USAGE: I'm down with up(side)
|From:||Mark J. Reed <markjreed@...>|
|Date:||Wednesday, May 23, 2007, 23:58|
After some research, my intuitive interpretation of "upside" as
"upward to the side of" seems to be borne out, in the main. But there
are also attestations of more general meanings, particularly in
Hiphoppish, where it seems to be in the process of active semantic
growth, functioning almost as a generic preposition like E-o "je".
I think this is a reflection of the fact that it includes "up", a
preposition which long ago abandoned any restrictions tied to the
direction opposite the pull of gravity. Dressed up. Done up right.
Fix you right up. Coming right up.
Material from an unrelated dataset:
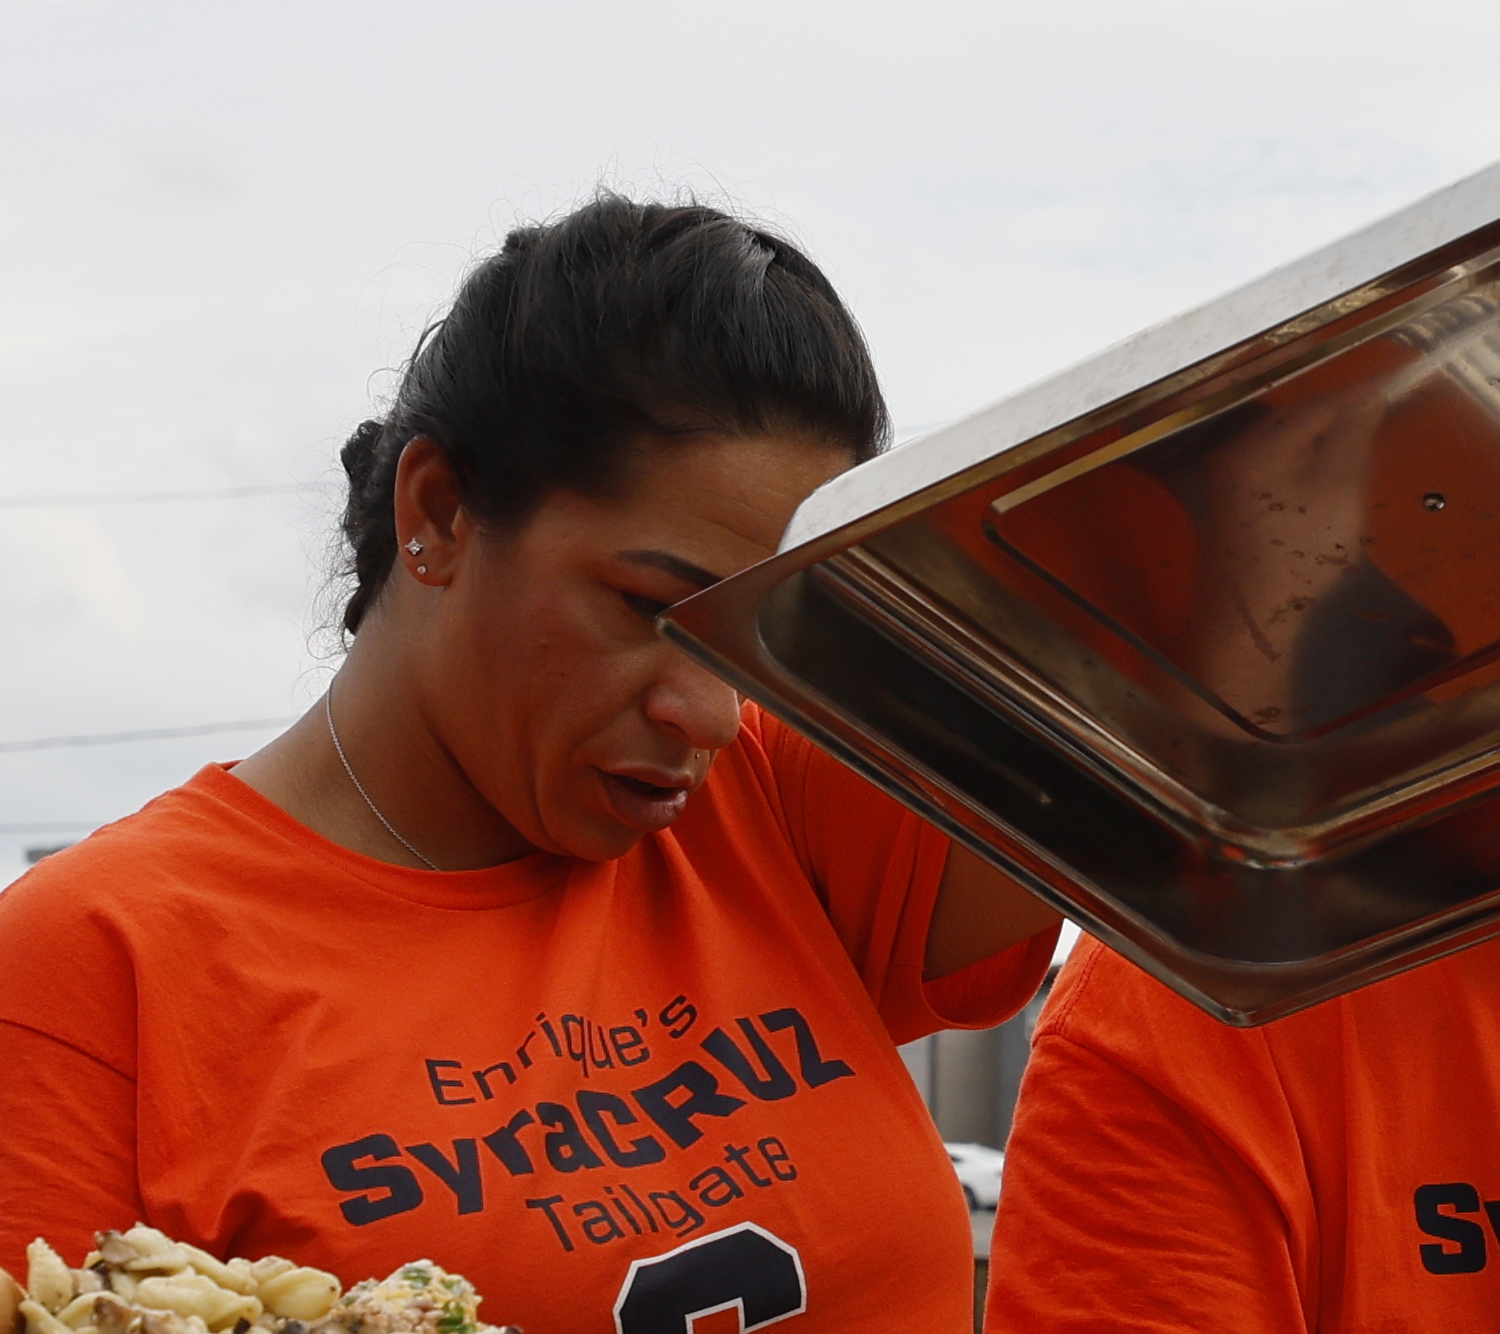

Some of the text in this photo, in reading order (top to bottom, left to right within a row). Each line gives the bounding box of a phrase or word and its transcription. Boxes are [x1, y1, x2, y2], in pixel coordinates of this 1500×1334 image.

[424, 993, 698, 1107] Enrique's
[320, 1007, 857, 1227] SyraCRUZ
[525, 1135, 799, 1253] Tailgate
He got all up in my business so I
got all up in his face.
I find its appearance as the U in SNAFU particularly interesting. In
the original, coarse version, the "up" doesn't really contribute to
the meaning; compare the Jargon file's BYF. (Although the "up"
version does have an additional connotation when applied to people,
relating to inebriatedness, while the "up"less version relates more to
imminent failure and may be safely translated as "doomed".).
But in the politer expansion of SNAFU, the "up" is key, because, in a
manner almost exactly opposite what you might expect a prepositional
adverb to do, it generalizes the meaning of the participle. Any sort
of problem may cause a situation to be "fouled up", whereas "fouled"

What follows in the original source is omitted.